Mit dem 38-jährigen Brathwaite zu sprechen, bedeutet, jemandem zu begegnen, der ein starkes soziales Verantwortungsbewusstsein hat und davon überzeugt ist, dass in der klassischen Musik „wir Geschichten als eine Kraft für Veränderung und Gutes erzählen können“. Seine Mutter kam mit 20 von Barbados nach Großbritannien und arbeitete als Krankenschwester. Er war Chorsänger in der St. Ann’s Church in Manchester, erhielt ein Musikstipendium für das Bury Gymnasium und studierte Philosophie und bildende Kunst an der Newcastle University, bevor er ein Stipendium am Royal College of Music erhielt. In einer Reihe von Aufsätze für Radio 3, erzählt er, wie er in dieser Zeit Stimmen wie die von Leontyne Price, der ersten international anerkannten afroamerikanischen Sopranistin – heute 94 – zum Weltstar entdeckte. Er vergleicht ihre Stimme mit einem Gemälde von Mark Rothko. Ihre Zielstrebigkeit inspirierte ihn auch. Auf der Musikhochschule, sagt er, ging es um den Erwerb von Fähigkeiten – Stimme, Schauspiel, Bewegung, Sprachen – „aber auch trainieren, als ich am Ende ankam: Was will ich damit eigentlich sagen?“

Brathwaite findet sich oft als einziger schwarzer Künstler auf der Bühne wieder. Die Erinnerung an die Zusammenarbeit mit Chineke!, dem mehrheitlich schwarzen und ethnisch vielfältigen Orchester, „zaubert mir ein Lächeln ins Gesicht – dieses Gefühl, vor dem Orchester zu stehen, sich umzudrehen und zu denken: ‚Ja, gut, so kann es aussehen Dies.’“ Er ist klar, dass die Zeit, über die mangelnde Vielfalt auf britischen Opernbühnen und hinter den Kulissen zu sprechen, vorbei ist; Es ist Zeit, Dinge zu erledigen. „Ich habe das Gefühl, dass die Gespräche stattfinden, aber wir müssen tun es. Deshalb denke ich manchmal einfach: ,Das mache ich selbst.’“

Im Moment, erzählt er mir, lese er viel von Edward Kamau Brathwaite, dem barbadischen Dichter und Intellektuellen, mit dem er entfernt verwandt ist; er kann seinen Stammbaum auf die weiße Braithwaite- oder Brathwaite-Familie aus dem 18. Dies liegt zum Teil daran, dass er eine mögliche Show barbadischer Volkslieder recherchiert; aber er sei auch beeindruckt von Kamau Brathwaites Schriften über Griots, die Barden und Hüter der mündlichen Überlieferung in westafrikanischen Kulturen. Es war das Publikum dieser Barden, schrieb Kamau Brathwaite, das die Gemeinschaft der Aufführung vervollständigte und „ein Kontinuum schuf, in dem der Sinn wahrhaftig wohnt“.
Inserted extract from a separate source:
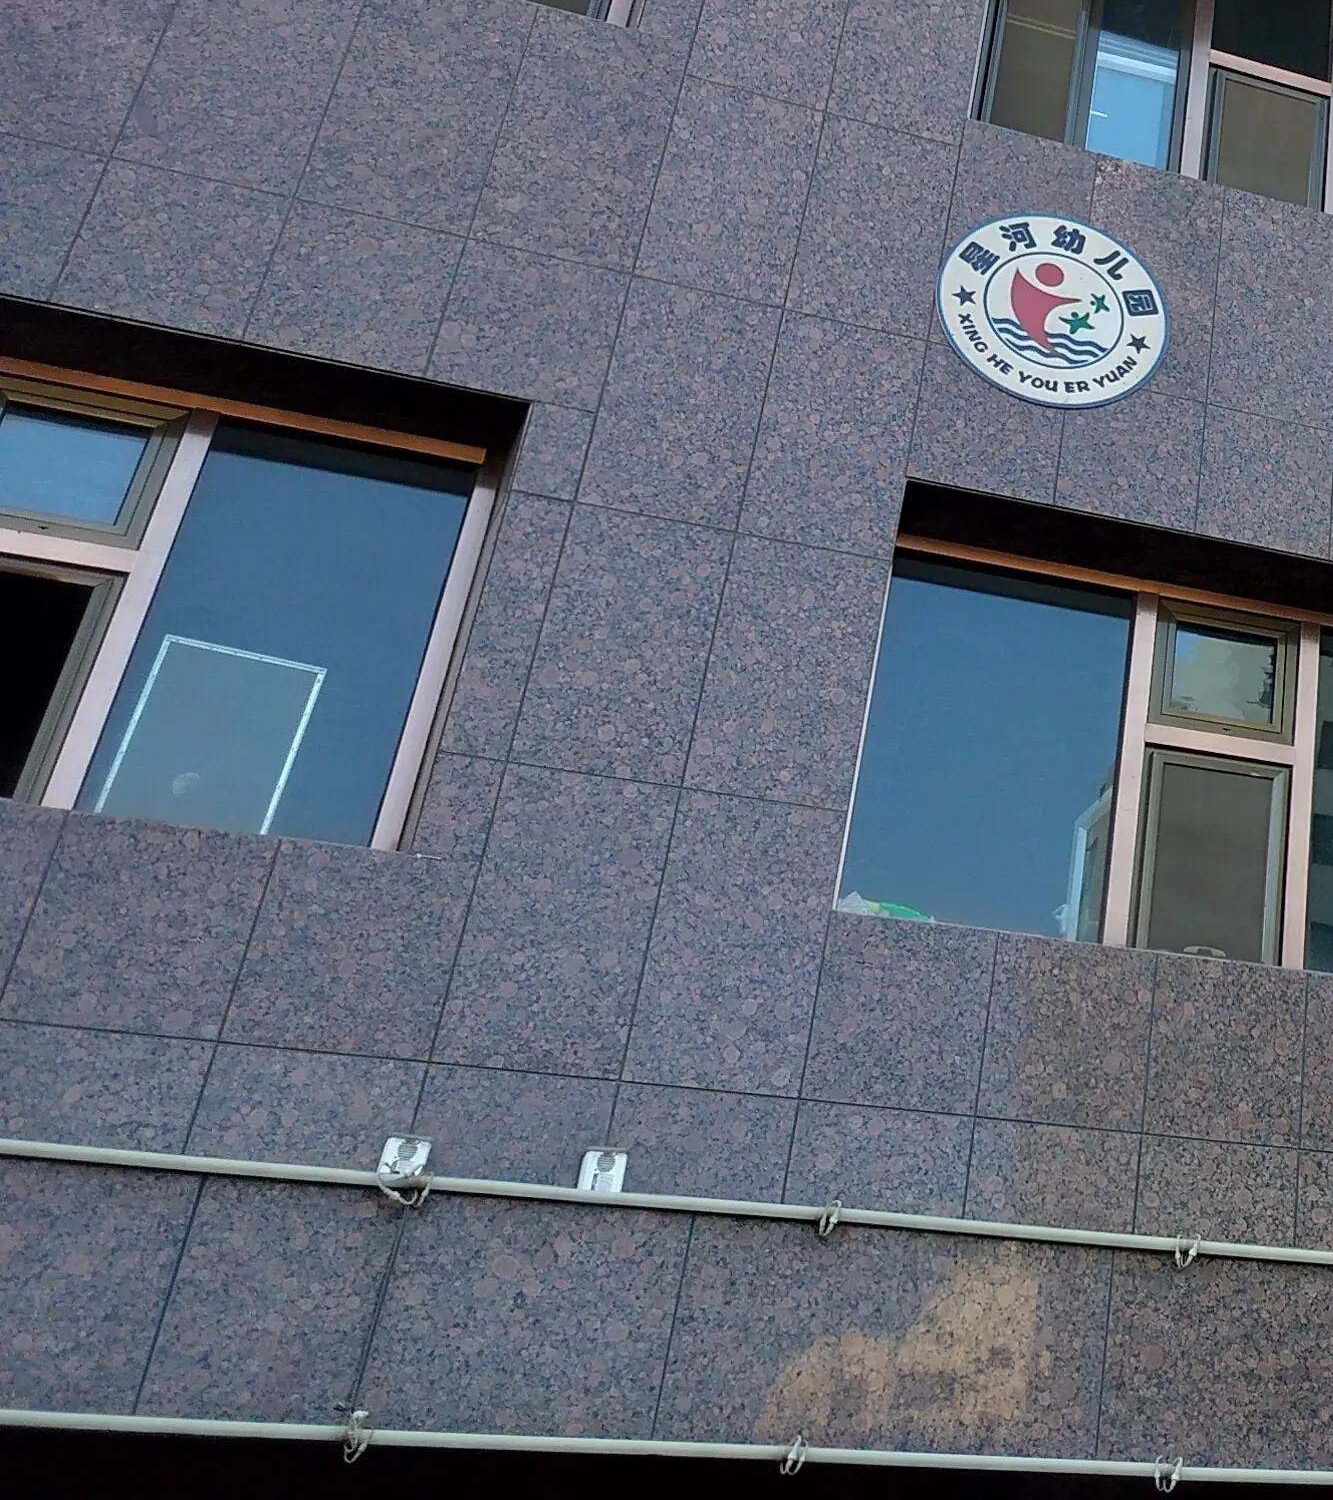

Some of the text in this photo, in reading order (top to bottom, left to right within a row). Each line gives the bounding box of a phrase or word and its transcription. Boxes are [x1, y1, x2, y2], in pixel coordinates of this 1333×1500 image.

Das ist der Anstoß zu seiner eigenen Arbeit, sei es seine Show Effigies of Wickedness! über die von den Nazis als „entartet“ angeprangerte Musik oder das neue Volksliedprojekt. „Indem ich diese Dinge erfinde, kann ich es selbst in die Hand nehmen, ein repräsentatives Team einzustellen und die Geschichten unserer gemeinsamen Geschichte zu erzählen. Hoffentlich werden die Zuschauer das Gefühl haben, dass sie auch daran beteiligt sind.“ Er möchte Dinge sagen, die „die Leute vielleicht nicht für nötig halten oder nicht hören wollten, weil sie sie noch nie gehört haben“.

In der Zwischenzeit ist er zurück im Linbury Theatre des Royal Opera House, um mit Wolf Witch Giant Fairy eine neue Generation zu verzaubern. „Ich hoffe, Little Bulb in Aktion zu sehen, lässt das Publikum erkennen, dass so viel möglich ist“, sagt er. „Durch die Kunst stehen uns so viele mögliche Welten zur Verfügung.“

Riesenfee der Wolfshexe ist im Royal Opera House: Linbury Theatre, London, bis 3. Januar.